H1N1′i “yüzyılın en büyük tıp skandallarından biri” olarak nitelendirerek, bunun aslında hafif bir grip olduğunu belirten Dr. Wodarg, “İlaç firmaları, domuz gribine karşı geliştirdikleri patentli ilaçlarını satmak için, bilim insanlarını ve halk sağlığından sorumlu resmi kurumlara telkinlerde bulunarak, dünya çapında hükümetlerin alarm durumuna geçmesini sağladılar” dedi.

Aşıları üreten şirketlerin, Dünya Sağlık Örgütü'nün domuz gribini bir “salgın” olarak tanımlama kararını etkilediğini savunan Başkan, "Tüm bu korku tohumları, 5 yıl önce kuş gribi salgınında atıldı. Kuş gribinin insana geçecek şekilde mutasyona uğraması riskinin pompalanmasıyla, panik atmosferinin oluşturulması ile hükümetler milyonlarca dolarlık aşı kontratları imzaladı. İlaç şirketleri hiç finansal risk almadan milyonlarca dolarlık gelir elde etti." dedi.

Bütün bu süreçten sonra, Sağlık Bakanı veya Bakanlık yetkilileri, resmi bir açıklama yapma ihtiyacı duymadılar. İşin içerisinde nasıl bir oyun döndüğünü kesin olarak bilmiyoruz, ancak dürüstlüğüne inandığımız Sayın Bakanımızın, Finlandiya Sağlık eski Bakanı Dr.Rauni Kilde, Avrupa Konseyi Aile ve Sağlık Komisyonu Başkanı Wolfgang Wodarg kadar mert olup, halkın kafasındaki soruları acilen cevaplamasını bekliyoruz:

* H1N1 virüsü Bilderberg Toplantısı’nda alınan karar gereğince “Dünya nüfusunu
azaltmak” amacıyla geliştirilen“biyolojik bir virüs” müdür?
* Avrupalı yetkililerin söylediği gibi, küresel ilaç şirketlerinin trilyonlar kazanmak için
ortaya attıkları “sahte bir virüs” müdür?
* Canlı virüslerin özellikle gebelerde büyük yan etkilere yol açacağı vurgulanmasına
rağmen, Türkiye’de gebelerin birinci dereceden risk grubunda sayılarak aşı yapılması,
gelecek nesilleri nasıl etkileyecektir?
* Milyarlar ödenerek alınan aşılardan, kullanılmayan milyonlarca doz aşı geri verilebilmiş
midir?
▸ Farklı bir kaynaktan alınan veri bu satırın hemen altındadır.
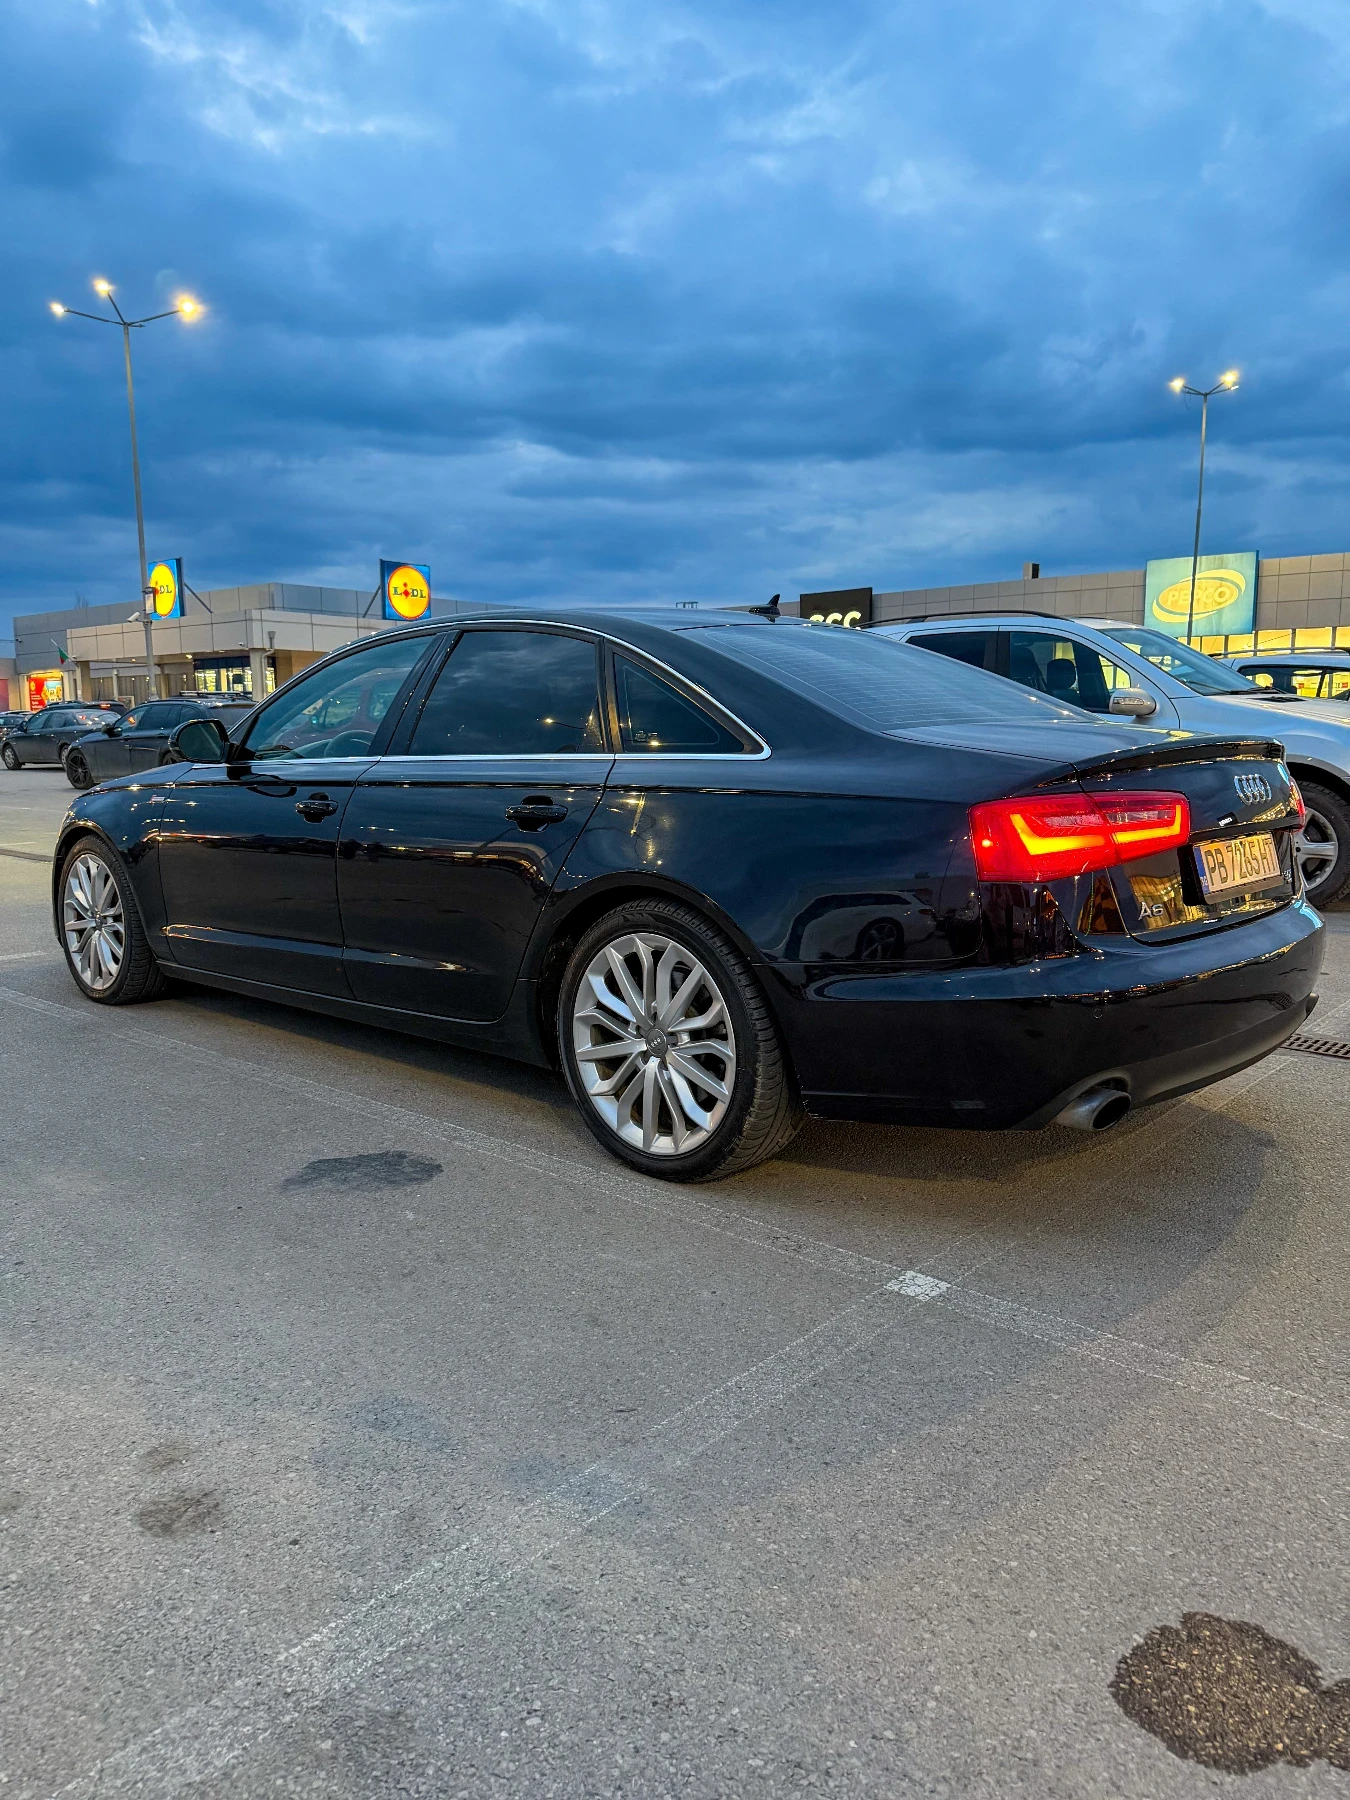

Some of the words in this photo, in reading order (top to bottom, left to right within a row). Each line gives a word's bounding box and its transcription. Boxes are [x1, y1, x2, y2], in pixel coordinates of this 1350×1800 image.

[1204, 847, 1228, 886] PB
[1225, 840, 1261, 882] 7265
[1137, 901, 1165, 921] A6
Bunların parası geri alınabilmiş midir?

Ve daha nice sorular, net bir şekilde halka izah edilebilmelidir.
Belki bu gün itibari ile, dünyada çok fazla domuz gribinden ölen bulunmamaktadır, ancak şurası düşünülmelidir ki, bu virüse karşı dünyada milyonlarca insan aşı yaptırmıştır.Bu aşıların ise beş yıl, on yıl, yirmi yıl sonra ne getireceği kesin olarak bilinmemektedir. Finlandiya Sağlık eski Bakanı Rauni Kilde’nin söylediği gibi: “Hiç kimse aşının bir yıl, beş yıl ya da 20 yıl sonra ne gibi etkilerinin olacağını bilmiyor: Mutlak kısırlık mı? Kanser mi? Ya da ölümcül herhangi bir hastalık mı?”
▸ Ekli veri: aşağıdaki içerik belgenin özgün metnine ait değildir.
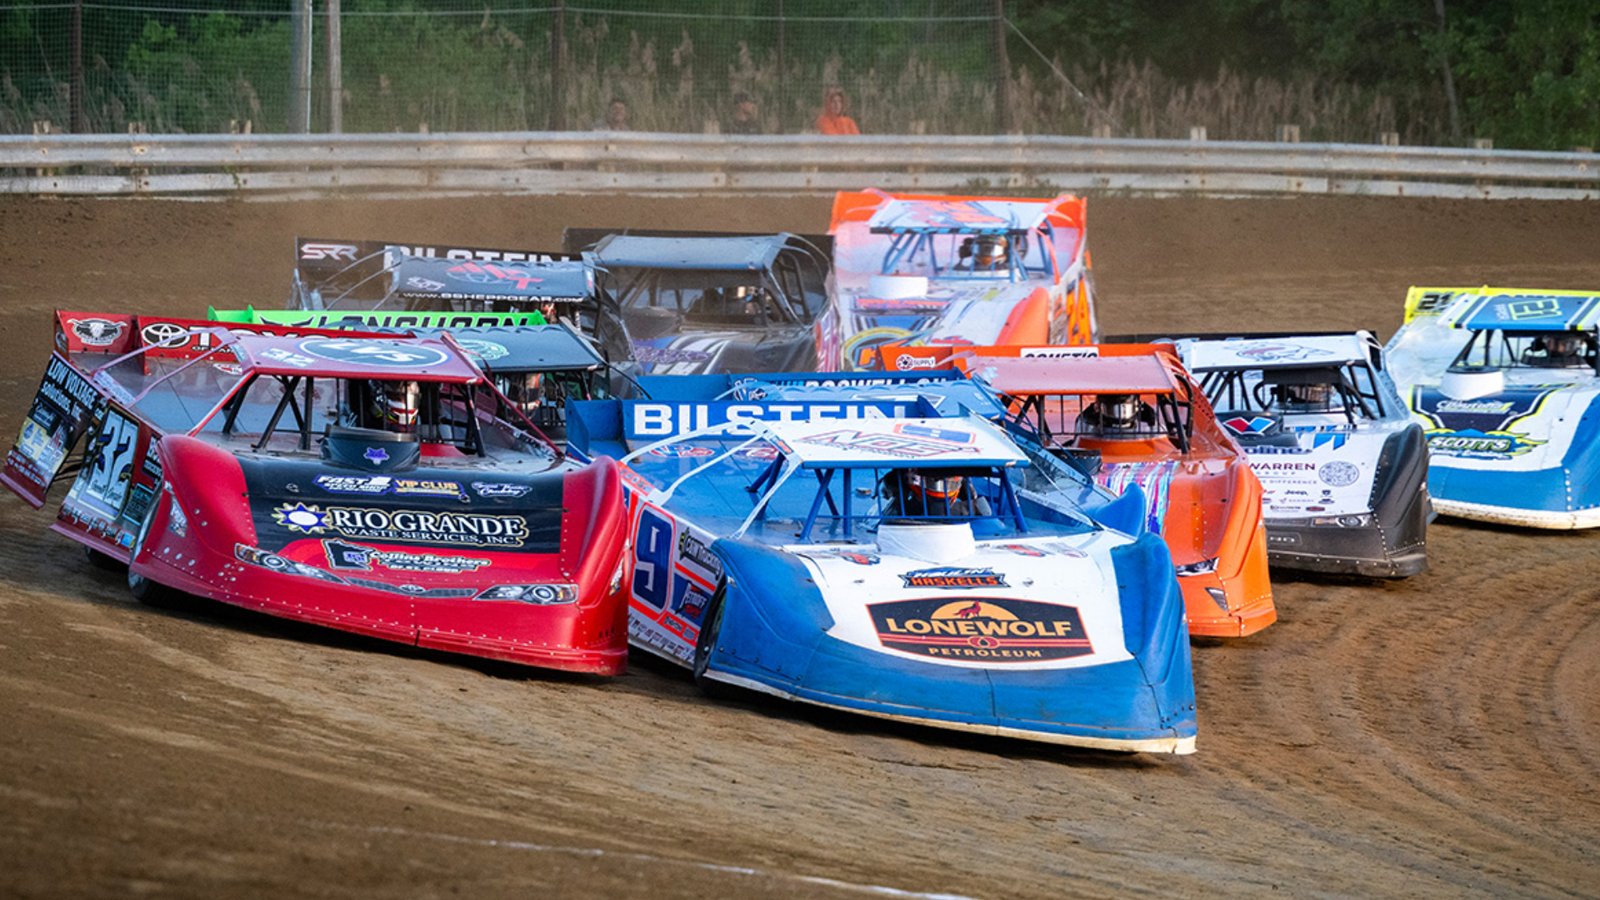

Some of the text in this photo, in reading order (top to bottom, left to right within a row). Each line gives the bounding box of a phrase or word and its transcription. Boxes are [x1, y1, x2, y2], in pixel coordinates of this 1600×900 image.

[48, 357, 69, 384] LOW
[64, 371, 98, 410] VOLTAGE
[86, 410, 138, 509] 32
[395, 480, 459, 490] VIP CLUB
[332, 509, 525, 538] RIO GRANDE
[343, 527, 519, 546] WASTE SERVICES, INC.
[425, 554, 489, 566] Brothers
[632, 509, 672, 610] 9
[911, 576, 998, 586] HASKELLS
[886, 617, 1071, 637] LONEWOLF
[928, 646, 1042, 658] PETROLEUM
Peki bütün bu gelişmelerin sebebi nedir?

Her birimiz küçüklükten itibaren, kıyamet ile ilgili bir çok hikaye duymuşuzdur, Hz.İsa’nın tekrar dünyaya geleceği, Ye’cüc – Me’cüc kavminin ortaya çıkacağı, Deccal’in bir çok insanı sapkınlığa düşüreceği, nihayet Hz.İsa’nın gelip Deccal’i ve kötülükleri mağlup edip 40 yıl Yeryüzü cenneti yaşatacağı anlatılır. Oysa ki Kur’an – ı Kerim’de bu konu ile ilgili söylenen tek şey, Hz.İsa’nın Allah katına alındığıdır. Hz.İsa’nın ahir zamanda tekrar yeryüzüne döneceğine dair hiçbir bilgi yoktur. Bunların kaynağı zayıf hadisler ve İsrailiyattır. Yahudilerin beklediği Mesih hikayesi, Hristiyanların beklediği Hz.İsa ve biz Müslümanların beklediği Hz. Mehdi ile ne kadar da benzemektedir.(Abant Platformu – Dinler Arası Diyalog Çalışmalarının çıkış noktası bu hikayeden kaynaklanmaktadır.)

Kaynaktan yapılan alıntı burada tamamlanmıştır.